Cytochrome P450-Catalyzed Tetrahydrofuran Formation via Dual Pathways in Avermectin Biosynthesis

Abstract

Avermectins (AVMs) are a class of 16-membered ring macrolides produced by Streptomyces avermitilis. Renowned for their potent insecticidal and acaricidal properties, AVMs are widely used as environmentally friendly biopesticides. Although the biosynthetic gene aveE encoding a cytochrome P450 monooxygenase was identified 30 years ago, its exact catalytic function and mechanism have remained elusive due to a lack of biochemical characterization. Here, we overcome the long-standing challenge in soluble and functional protein expression of AveE in Escherichia coli and reconstitute the in vitro activity of this P450 enzyme using surrogate redox partner proteins. Time-course studies reveal monohydroxylation at the C8a position of the substrates as the initial step, subsequently leading to tetrahydrofuran (THF) ring formation.
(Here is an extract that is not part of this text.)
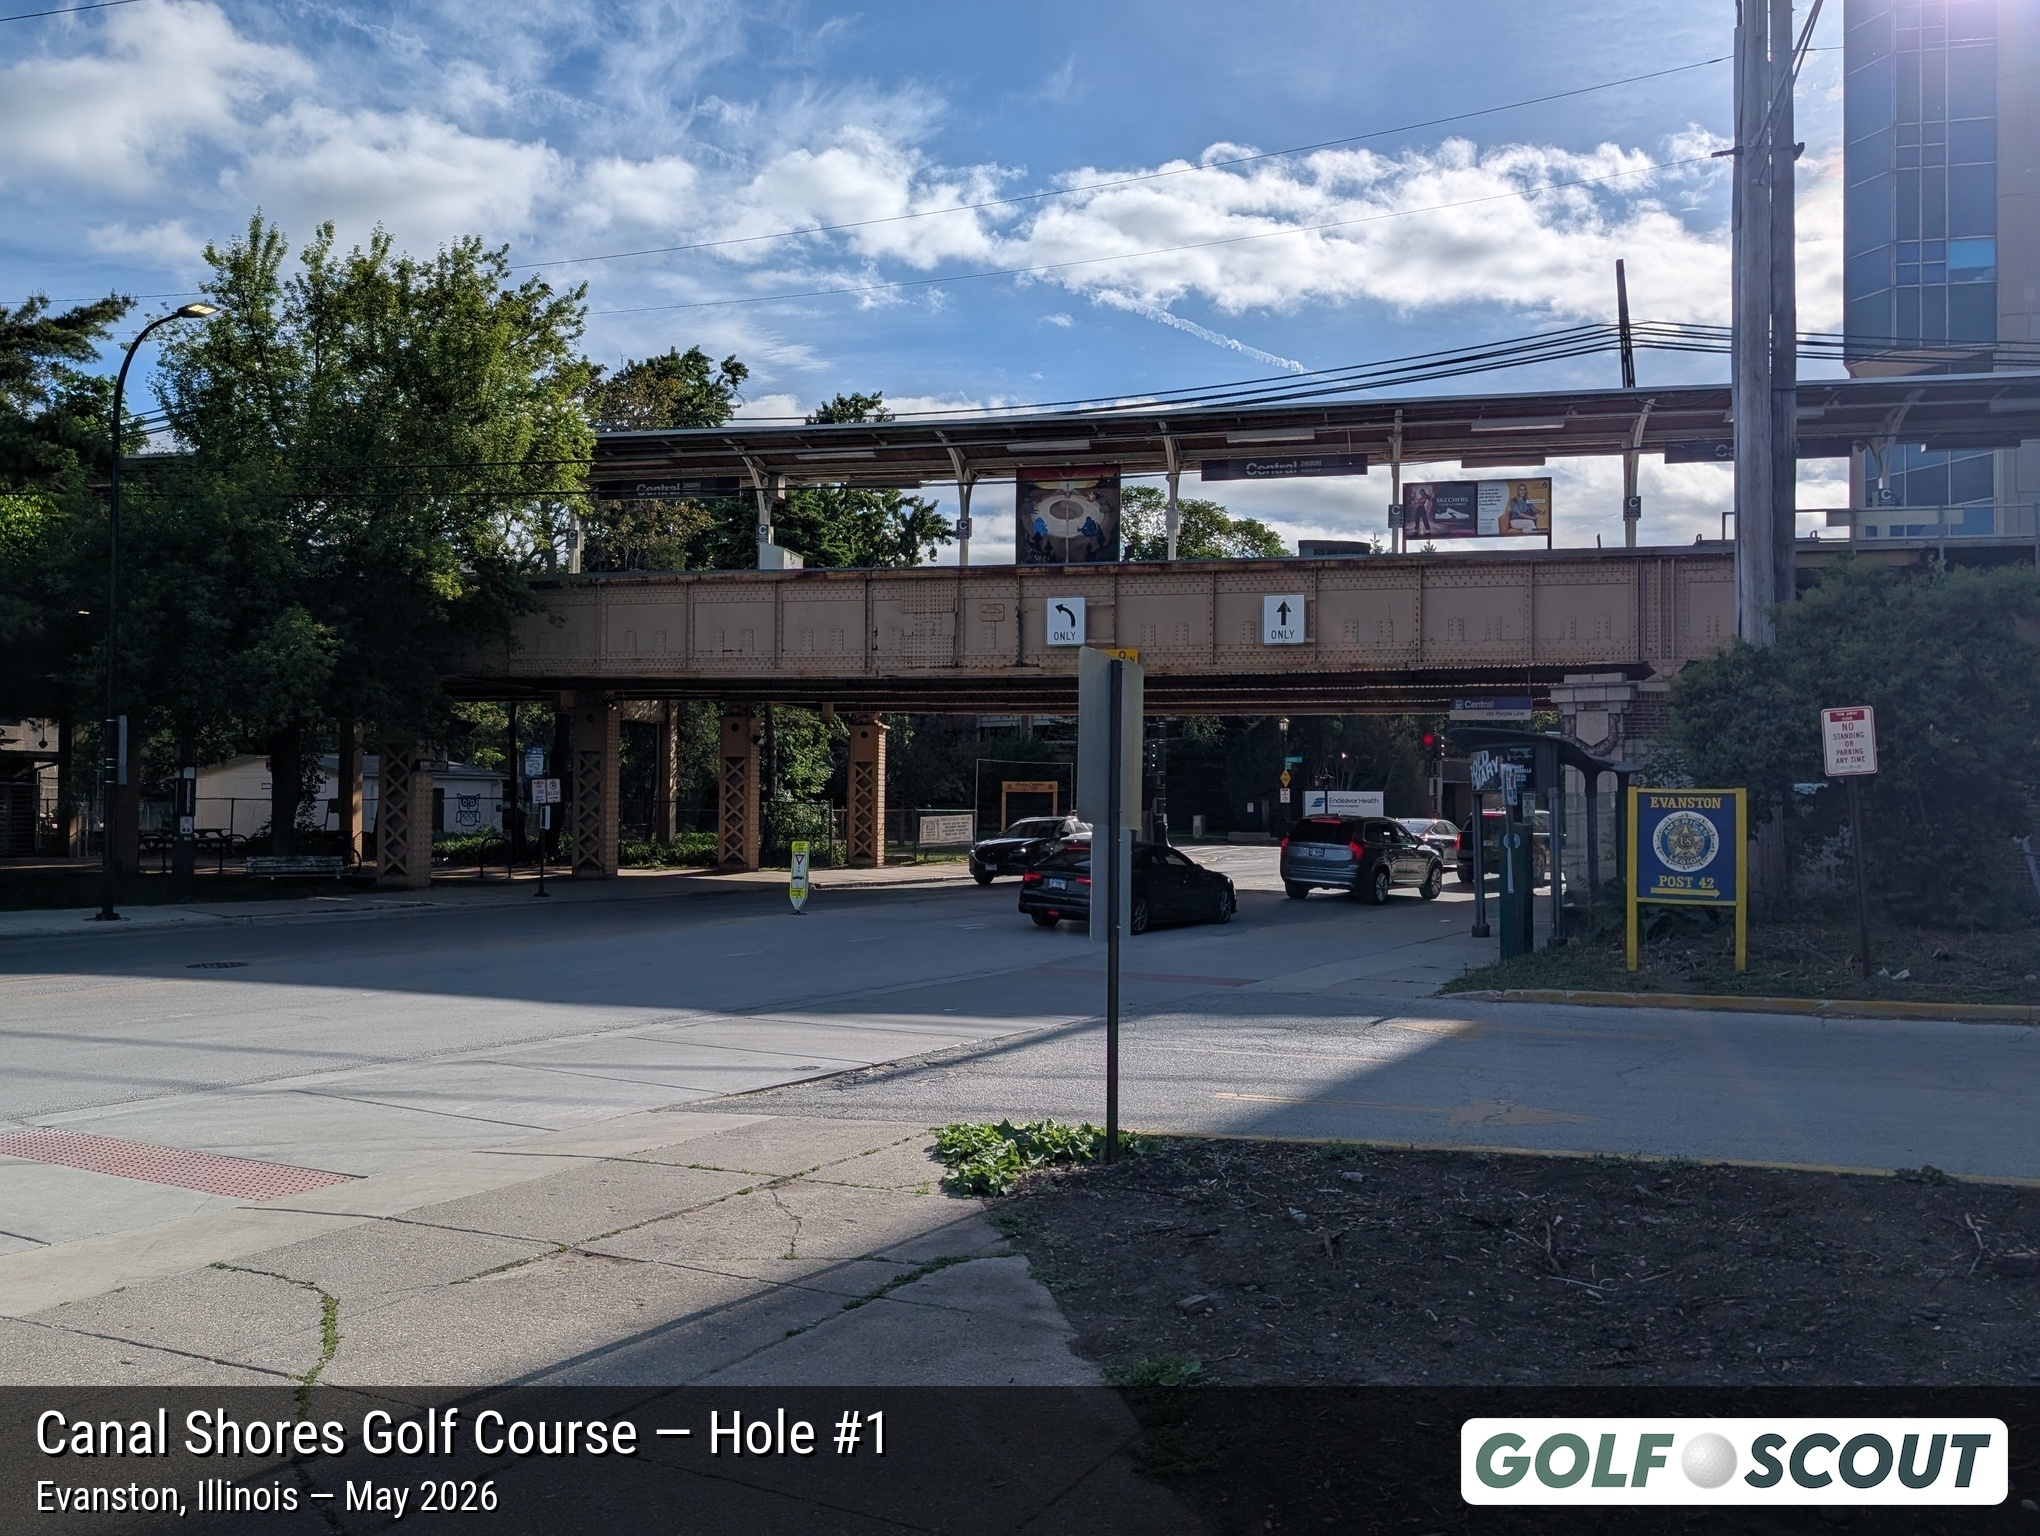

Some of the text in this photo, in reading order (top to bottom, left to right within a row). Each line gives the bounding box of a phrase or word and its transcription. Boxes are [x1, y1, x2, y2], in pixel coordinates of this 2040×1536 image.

Isotopic labeling experiments provide significant insight into the catalytic mechanism of AveE, revealing the cooperation of the C8a,C6-diol pathway and the C6-nucleophilic attack pathway. This study not only presents an effective strategy for heterologous expression of difficult P450 enzymes in E. coli but also elucidates the exact process of THF ring formation during AVM biosynthesis.